石蜡切片免疫组织化学染色步骤如下：（1）切片常规脱蜡至水；（2）将切片放入柠檬酸钠缓冲液中，中火煮沸8 min，停火8 min，中低火煮7 min，用PBS洗一次；（3）将切片放入体积分数为3%的H2O2中，37℃避光孵育 25 min，PBS洗 3次；（4） 加入 500 μL 封闭液，37℃孵育10 min；（5）滴加稀释的一抗工作液兔抗RRP15，4℃过夜；（6）PBS洗 3次，滴加 500 μL 兔抗生物素化二抗，37℃湿盒孵育10 min，PBS冲洗3次；（7）滴加500 μL HRP标记链亲和素，37℃湿盒孵育10 min，PBS冲洗 3次；（8）滴加 400μL 新鲜配制的DAB显色液作用7 min，水洗10 min，苏木精复染1 min，用流水冲洗返蓝，分化30 s，流水冲洗5 min，伊红染色1 min，流水冲洗5 min，梯度乙醇脱水，浸入二甲苯，自然晾干后，中性树胶封片，在光学显微镜下观察.

1.2.4 统计学分析

采用SPSS 22.0软件进行统计分析，等级资料采用非参数秩和检验进行分析，P＜0.05时差异具有统计学意义.

2 结果与分析

2.1 Oncomine数据库分析RRP15蛋白在结肠癌中的表达

利用Oncomine数据库分析RRP15蛋白在多种癌症中的表达情况，结果如图1所示.由图1可以看出，相对于正常结肠组织，RRP15蛋白在结肠癌组织中的表达显著升高，其表达量是正常组织中的2.65倍.
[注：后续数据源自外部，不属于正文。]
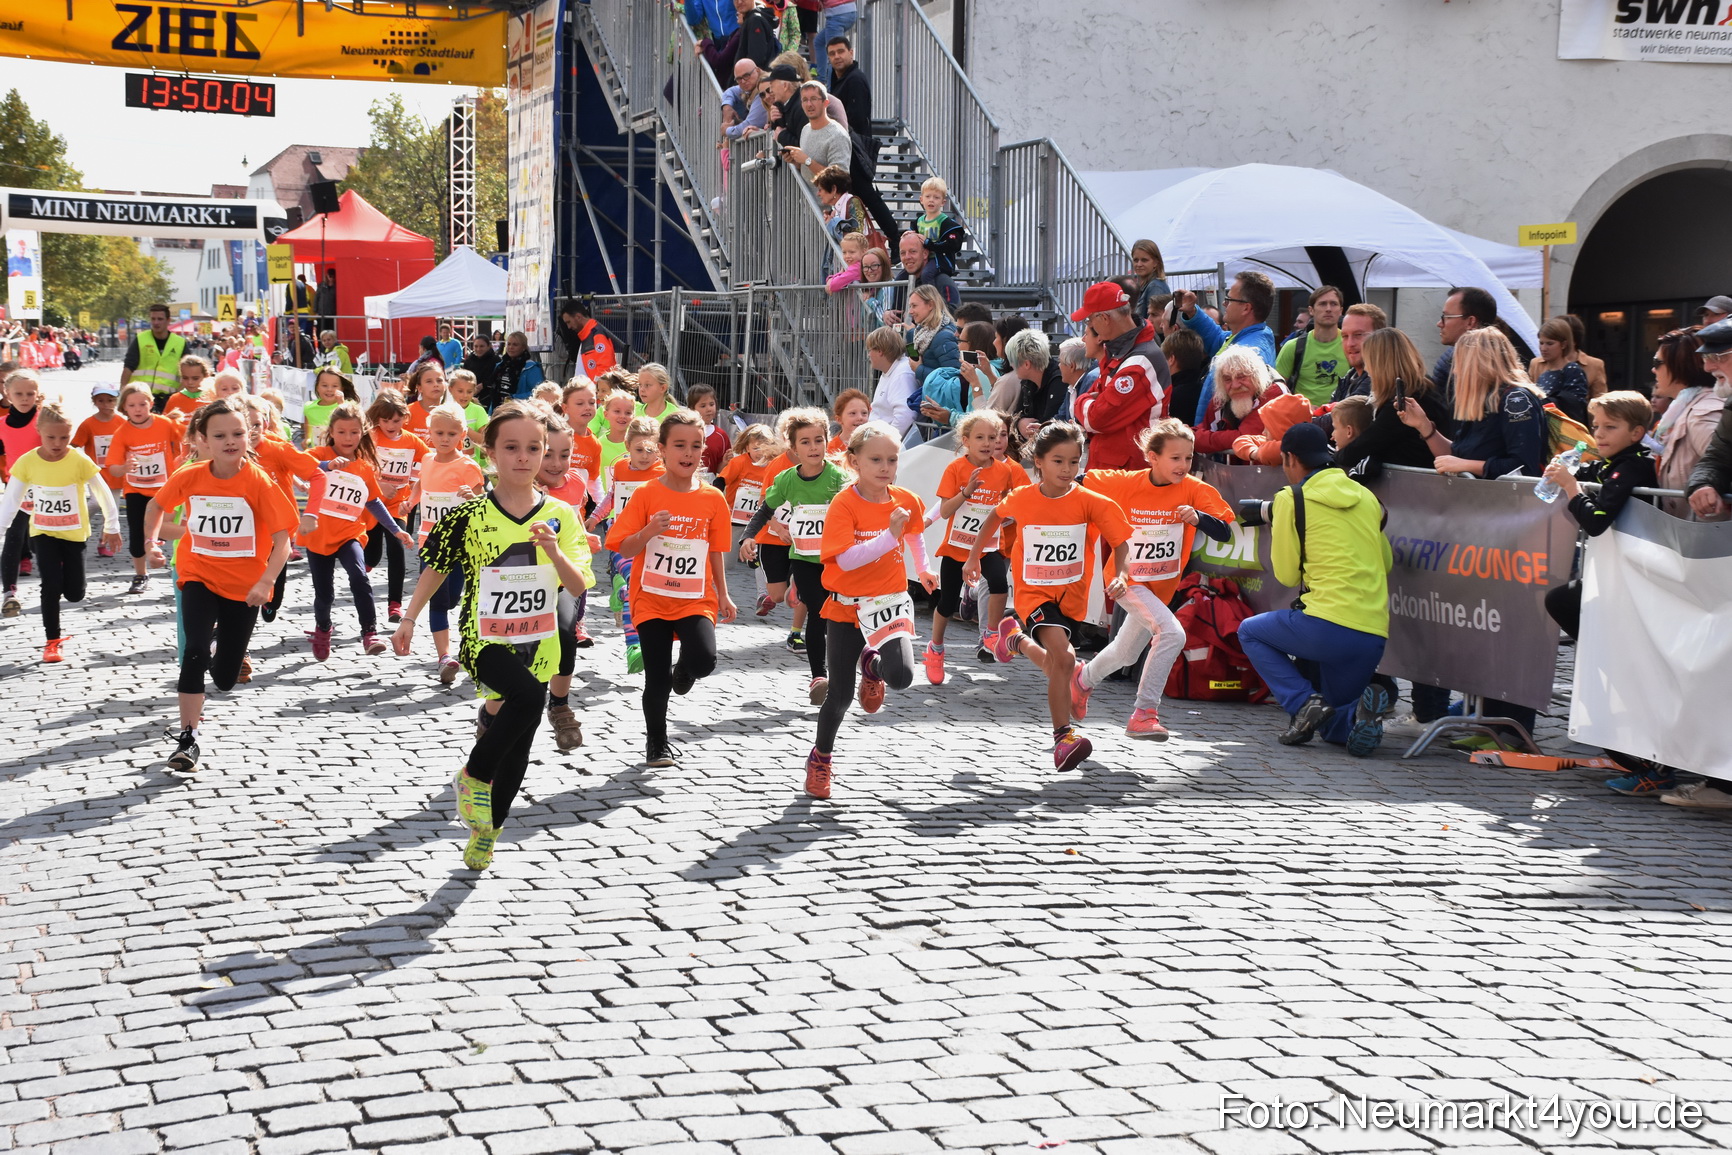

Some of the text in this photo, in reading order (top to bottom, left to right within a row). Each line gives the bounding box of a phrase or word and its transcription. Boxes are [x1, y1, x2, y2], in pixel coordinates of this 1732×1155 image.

[1615, 0, 1720, 25] swn
[0, 20, 24, 32] auf
[112, 4, 261, 60] ZIEL
[1613, 27, 1682, 40] stadtwerke
[341, 45, 475, 60] Neumarkter Stadtlauf
[1640, 44, 1657, 54] wir
[1658, 44, 1691, 55] bieten
[31, 198, 236, 226] MINI NEUMARKT.
[1528, 229, 1567, 242] Infopoint
[222, 303, 232, 316] A
[381, 459, 408, 474] 7176
[328, 484, 362, 504] 7178
[39, 499, 72, 513] 7245
[425, 505, 457, 520] 710
[1130, 508, 1172, 517] Neumarkter
[198, 515, 244, 534] 7107
[962, 515, 985, 533] 72
[1130, 515, 1164, 525] Stadtlauf
[210, 540, 230, 548] Tessa
[1134, 541, 1176, 560] 7253
[1033, 543, 1077, 562] 7262
[1389, 535, 1449, 572] STRY
[654, 552, 697, 575] 7192
[1447, 544, 1549, 586] LOUNGE
[1035, 567, 1073, 578] Fiona
[664, 579, 681, 588] Julia
[490, 588, 547, 615] 7259
[1387, 585, 1502, 633] ckonline.de
[489, 620, 540, 633] EMMA
图1 Oncomine数据显示RRP15在结肠癌中高表达Fig.1 High expression of RRP15 in colon cancer showed by oncomine data

2.2 Real-time PCR检测RRP15在结肠癌中的表达

从12例结肠癌病人的癌组织及相应的癌旁正常组织中选取RRP15为目的蛋白，利用Trizol法提取组织的总RNA，反转录后得到cDNA，进行Real-time PCR检测，定量结果如图2所示.由图2（a）可以看出，在 12例病人中，1号、2号、5～8号、10～12号病例的结肠癌组织中，RRP15 mRNA的水平明显高于癌旁组织，3号、4号、9号病例中的表达有不同程度的下调.由图2（b）可以看出，结肠癌组织中RRP15的表达量为癌旁组织的1.88倍.
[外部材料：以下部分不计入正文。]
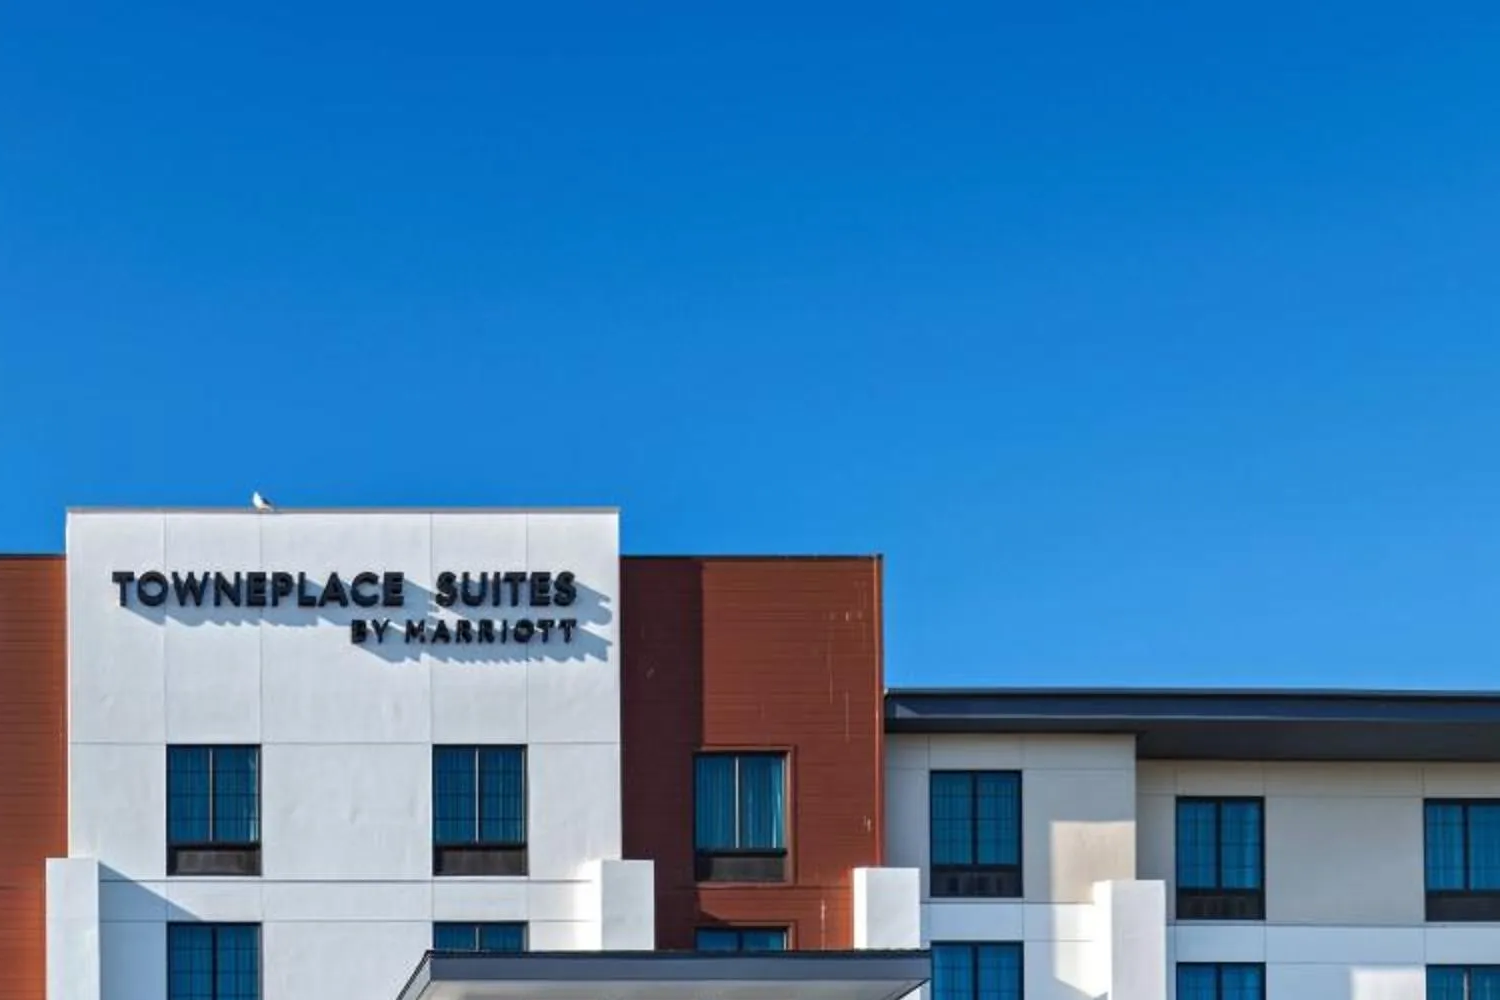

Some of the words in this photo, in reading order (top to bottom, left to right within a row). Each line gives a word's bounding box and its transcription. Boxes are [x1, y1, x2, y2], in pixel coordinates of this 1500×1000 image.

[112, 571, 404, 607] TOWNEPLACE
[435, 571, 577, 607] SUITES
[350, 619, 391, 644] BY
[404, 619, 576, 644] MARRIOTT
图2 RRP15 mRNA在结肠癌组织中的表达Fig.2 RRP15 mRNA expression in colon cancer tissues

2.3 免疫荧光染色法检测RRP15在结肠癌中的表达

制备12例结肠癌病人的癌组织及癌旁组织的石蜡切片，进行免疫荧光染色，在荧光显微镜下以相同曝光时间进行图像采集，之后用Image Pro Plus统计其荧光强度，结果如图3所示.由图3（a）和图3（b）可以看出，在12例结肠癌病人中，1号、2号、6号、7号、8号、10号、11号、12号结肠癌组织中RRP15的荧光强度明显高于癌旁组织，3号、4号、5号、9号结肠癌组织中的荧光强度则弱于癌旁组织，这与Real-time PCR的结果基本一致.综合所有病例的结果可知，RRP15在结肠癌组织中的荧光强度是癌旁组织的1.29倍，如图3（c）所示.

2.4 免疫组织化学染色法检测RRP15在结肠癌中的表达

利用免疫组织化学染色法检测12例结肠癌病人的癌组织及癌旁组织中RRP15的表达，结果如图4所示.
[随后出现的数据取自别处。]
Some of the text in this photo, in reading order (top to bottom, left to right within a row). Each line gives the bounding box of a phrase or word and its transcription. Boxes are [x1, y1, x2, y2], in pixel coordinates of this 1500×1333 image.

图3 免疫荧光染色检测RRP15在结肠癌中的表达Fig.3 Detection of RRP15 expression in colon cancer tissues using immunofluorescence staining

图4 免疫组织化学染色检测RRP15在结肠癌中的表达Fig.4 Detection of RRP15 expression in colon cancer tissues using immunohistochemical staining

由图4可以看出，在12例患者中，1号、2号、3号、5号、6号、8号、9号、10号、12号为阳性，4号、7号、11号为阴性.该种检测方法中，3号、7号、9号、11号的检测结果均与Real-time PCR的检测结果不一致.

3 讨论与结论

为了寻找一种简便快捷、可靠的组织蛋白表达水平检测方法，本研究以结肠癌患者肿瘤组织和正常组织中RRP15 mRNA的表达水平作为参照，比较免疫荧光染色法和免疫组织化学染色在检测组织蛋白表达水平上的优劣.结果显示，石蜡切片免疫组织化学染色法和石蜡切片免疫荧光染色法都能对癌组织中蛋白的表达进行检测，但后者准确率更高，而且通过统计染色后的荧光强度，可将蛋白水平进行量化，更直观地反映出表达情况.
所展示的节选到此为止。